[446] The total given by the governor to Warre of Beresford’s staff (see his Letters, ed. Dr. Warre, p. 270) were 3 officers and 40 men killed, 11 officers and 140 men wounded. Martinien’s lists show 12 officers hit, 5 in the 65th, 2 each in the 15th and 17th Léger, 1 each in 86th, artillery, and engineers. But these admirable lists are not quite complete.
[447] This is said to have been the result of the escort’s smoking round the store!
[448] Printed in Marmont’s Mémoires, iv. p. 410.
[449] If Marmont had marched for Alba de Tormes on the 28th, as he intended to do, Wellington would have had the 6th Division in hand, as well as the rest of his troops, for a battle on the 29th: for the forts fell early on the 27th June.
[450] See his explanation of his intentions in Mémoires, iv. pp. 219-20.
[451] In this dispatch and that of July 6 following, Marmont seems to understate his own force at the moment, saying that he can dispose of only 30,000 infantry, and 2,000 cavalry or a trifle over.
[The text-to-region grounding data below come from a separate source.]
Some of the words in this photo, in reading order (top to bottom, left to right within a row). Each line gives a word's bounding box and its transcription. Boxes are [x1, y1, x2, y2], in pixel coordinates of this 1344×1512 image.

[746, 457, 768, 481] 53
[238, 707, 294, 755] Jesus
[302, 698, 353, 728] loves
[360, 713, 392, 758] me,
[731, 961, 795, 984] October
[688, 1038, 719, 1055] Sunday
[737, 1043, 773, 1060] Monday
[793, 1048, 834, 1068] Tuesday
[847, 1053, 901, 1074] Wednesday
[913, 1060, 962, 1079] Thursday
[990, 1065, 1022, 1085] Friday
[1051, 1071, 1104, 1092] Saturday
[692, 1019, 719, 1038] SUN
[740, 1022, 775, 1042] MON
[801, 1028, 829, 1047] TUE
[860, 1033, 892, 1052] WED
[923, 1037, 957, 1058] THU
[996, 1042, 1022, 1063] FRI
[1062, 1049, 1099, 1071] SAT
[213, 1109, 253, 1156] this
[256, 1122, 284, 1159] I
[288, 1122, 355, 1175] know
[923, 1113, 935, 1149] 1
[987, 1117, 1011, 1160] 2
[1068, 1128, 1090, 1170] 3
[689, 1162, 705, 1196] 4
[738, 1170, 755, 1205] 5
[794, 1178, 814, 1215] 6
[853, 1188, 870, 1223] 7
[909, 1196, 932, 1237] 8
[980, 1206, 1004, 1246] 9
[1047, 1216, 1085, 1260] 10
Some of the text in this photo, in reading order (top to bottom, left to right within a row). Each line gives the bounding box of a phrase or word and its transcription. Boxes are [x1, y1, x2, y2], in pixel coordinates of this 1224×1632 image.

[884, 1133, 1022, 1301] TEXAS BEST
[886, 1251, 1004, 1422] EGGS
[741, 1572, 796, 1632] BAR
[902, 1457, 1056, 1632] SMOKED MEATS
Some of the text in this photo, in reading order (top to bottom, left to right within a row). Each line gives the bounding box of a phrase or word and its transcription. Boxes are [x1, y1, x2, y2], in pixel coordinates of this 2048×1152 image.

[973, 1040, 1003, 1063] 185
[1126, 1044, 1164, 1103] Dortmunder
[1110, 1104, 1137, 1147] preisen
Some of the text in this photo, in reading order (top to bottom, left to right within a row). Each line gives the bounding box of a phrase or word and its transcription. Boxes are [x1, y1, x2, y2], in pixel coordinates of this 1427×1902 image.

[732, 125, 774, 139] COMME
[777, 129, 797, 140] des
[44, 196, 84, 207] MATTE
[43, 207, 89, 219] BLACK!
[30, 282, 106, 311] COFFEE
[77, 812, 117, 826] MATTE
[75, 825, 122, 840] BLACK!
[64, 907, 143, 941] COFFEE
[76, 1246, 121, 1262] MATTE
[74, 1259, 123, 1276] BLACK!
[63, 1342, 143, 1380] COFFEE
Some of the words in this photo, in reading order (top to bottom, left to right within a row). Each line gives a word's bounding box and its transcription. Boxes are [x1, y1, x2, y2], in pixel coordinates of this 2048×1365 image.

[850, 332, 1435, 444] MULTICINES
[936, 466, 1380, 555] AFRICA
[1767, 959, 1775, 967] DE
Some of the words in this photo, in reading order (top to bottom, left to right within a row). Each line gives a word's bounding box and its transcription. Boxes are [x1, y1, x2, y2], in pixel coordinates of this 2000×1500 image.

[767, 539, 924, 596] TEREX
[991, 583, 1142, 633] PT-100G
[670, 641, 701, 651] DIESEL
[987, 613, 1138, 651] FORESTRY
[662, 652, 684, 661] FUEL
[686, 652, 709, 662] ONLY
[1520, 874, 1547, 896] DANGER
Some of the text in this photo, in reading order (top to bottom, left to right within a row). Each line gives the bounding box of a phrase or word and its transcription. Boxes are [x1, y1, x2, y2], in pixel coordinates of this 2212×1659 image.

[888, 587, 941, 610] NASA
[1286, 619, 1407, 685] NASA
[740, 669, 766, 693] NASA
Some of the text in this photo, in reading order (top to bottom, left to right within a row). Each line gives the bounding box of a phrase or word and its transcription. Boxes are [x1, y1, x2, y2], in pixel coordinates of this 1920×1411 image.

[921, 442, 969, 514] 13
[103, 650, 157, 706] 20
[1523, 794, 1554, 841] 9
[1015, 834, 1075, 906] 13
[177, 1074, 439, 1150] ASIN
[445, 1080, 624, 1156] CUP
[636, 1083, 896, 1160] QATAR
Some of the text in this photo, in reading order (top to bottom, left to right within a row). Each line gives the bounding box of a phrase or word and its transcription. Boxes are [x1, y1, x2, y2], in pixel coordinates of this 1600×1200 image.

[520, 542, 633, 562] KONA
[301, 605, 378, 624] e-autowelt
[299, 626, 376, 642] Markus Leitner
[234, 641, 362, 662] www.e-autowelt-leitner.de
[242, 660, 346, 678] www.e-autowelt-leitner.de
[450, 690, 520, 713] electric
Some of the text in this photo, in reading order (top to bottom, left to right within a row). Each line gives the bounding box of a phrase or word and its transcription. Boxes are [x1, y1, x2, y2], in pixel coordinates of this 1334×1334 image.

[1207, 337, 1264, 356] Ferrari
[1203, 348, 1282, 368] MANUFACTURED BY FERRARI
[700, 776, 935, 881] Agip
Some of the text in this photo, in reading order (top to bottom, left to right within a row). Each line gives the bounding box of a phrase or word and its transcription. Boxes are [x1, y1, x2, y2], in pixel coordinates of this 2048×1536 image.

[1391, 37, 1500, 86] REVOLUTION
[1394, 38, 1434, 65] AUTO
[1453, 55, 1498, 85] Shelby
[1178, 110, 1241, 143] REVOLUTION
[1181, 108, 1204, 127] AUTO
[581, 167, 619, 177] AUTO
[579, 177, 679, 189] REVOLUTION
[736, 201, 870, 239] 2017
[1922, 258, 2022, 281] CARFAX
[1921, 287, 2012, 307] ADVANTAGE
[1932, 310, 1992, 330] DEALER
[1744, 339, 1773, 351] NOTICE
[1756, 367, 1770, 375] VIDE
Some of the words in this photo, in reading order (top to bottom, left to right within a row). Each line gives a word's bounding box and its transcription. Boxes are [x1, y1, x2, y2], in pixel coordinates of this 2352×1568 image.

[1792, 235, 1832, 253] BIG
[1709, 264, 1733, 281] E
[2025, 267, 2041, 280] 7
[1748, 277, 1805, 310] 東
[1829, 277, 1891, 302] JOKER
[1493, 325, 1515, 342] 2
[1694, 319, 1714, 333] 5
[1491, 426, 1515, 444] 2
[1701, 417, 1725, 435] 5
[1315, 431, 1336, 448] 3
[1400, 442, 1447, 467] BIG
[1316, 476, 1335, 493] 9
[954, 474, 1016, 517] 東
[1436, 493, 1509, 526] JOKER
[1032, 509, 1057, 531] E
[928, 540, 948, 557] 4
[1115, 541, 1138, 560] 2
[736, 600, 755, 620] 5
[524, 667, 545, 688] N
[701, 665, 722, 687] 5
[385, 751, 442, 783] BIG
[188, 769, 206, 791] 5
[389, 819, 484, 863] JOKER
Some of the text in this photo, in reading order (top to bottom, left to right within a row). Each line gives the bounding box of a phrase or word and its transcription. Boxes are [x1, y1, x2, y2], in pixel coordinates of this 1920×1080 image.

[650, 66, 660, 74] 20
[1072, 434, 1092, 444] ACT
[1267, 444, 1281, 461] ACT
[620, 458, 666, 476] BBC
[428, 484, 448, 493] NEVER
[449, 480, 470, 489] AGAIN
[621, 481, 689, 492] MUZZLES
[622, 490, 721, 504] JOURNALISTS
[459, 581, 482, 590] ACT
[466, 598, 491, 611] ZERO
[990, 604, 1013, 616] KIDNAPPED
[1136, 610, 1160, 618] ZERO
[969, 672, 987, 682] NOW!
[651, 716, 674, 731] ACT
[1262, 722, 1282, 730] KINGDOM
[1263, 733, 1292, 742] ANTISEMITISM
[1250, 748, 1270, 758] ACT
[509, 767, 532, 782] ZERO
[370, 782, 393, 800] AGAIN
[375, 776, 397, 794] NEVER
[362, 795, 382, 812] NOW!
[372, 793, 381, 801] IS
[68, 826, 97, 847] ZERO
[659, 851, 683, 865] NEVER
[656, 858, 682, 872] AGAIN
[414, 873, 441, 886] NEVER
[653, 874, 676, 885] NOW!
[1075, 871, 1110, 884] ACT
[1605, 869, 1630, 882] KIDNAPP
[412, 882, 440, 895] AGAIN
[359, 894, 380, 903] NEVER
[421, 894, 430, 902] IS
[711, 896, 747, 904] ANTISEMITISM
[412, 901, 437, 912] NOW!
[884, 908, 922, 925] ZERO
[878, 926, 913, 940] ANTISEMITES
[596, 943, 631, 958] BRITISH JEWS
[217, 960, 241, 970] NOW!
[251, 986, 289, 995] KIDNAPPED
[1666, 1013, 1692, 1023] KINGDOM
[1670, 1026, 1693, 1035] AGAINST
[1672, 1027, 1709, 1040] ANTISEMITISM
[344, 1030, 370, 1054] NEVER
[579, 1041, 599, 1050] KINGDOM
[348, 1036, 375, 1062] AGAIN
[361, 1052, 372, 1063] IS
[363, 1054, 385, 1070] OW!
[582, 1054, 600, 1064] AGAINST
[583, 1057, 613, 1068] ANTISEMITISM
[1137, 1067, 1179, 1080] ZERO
Allowing for the artillery, engineers and sappers, gendarmerie and train, which the monthly returns show, this would give an army of some 35,000 or 36,000 in all. But the returns (see [Appendix]) indicate a higher figure for the infantry; after all deductions for detachments, garrisons, and sick have been made, it looks as if there must have been 33,000 or even 34,000 available. Generals with a ‘point to prove’ are always a little easy with their figures.
[452] This is again one of the Scovell intercepted cipher-dispatches, captured and brought to Wellington a day or two after it was written. It was a duplicate, and presumably the other copy reached Madrid.
[453] See Wellington to Lord Liverpool, June 25. Dispatches, ix. pp. 253-4, and to Hill, ix. pp. 256-7, and again to Lord Liverpool, ix. pp. 261-2.
[454] See Wellington to Lord Liverpool, June 18. Dispatches, ix. p. 241, and June 25, p. 253. There was also in Wellington’s hands an intercepted letter of Joseph to Soult of May 26, distinctly saying that if Marmont is attacked in June, D’Erlon must pass the Tagus and go to his help. This is in the Scovell ciphers.
[455] Wellington to Hill, July 11. Dispatches, ix. p. 281. The idea that Joseph might operate on his own account begins to emerge in the correspondence on the 14th. Dispatches, ix. p. 283.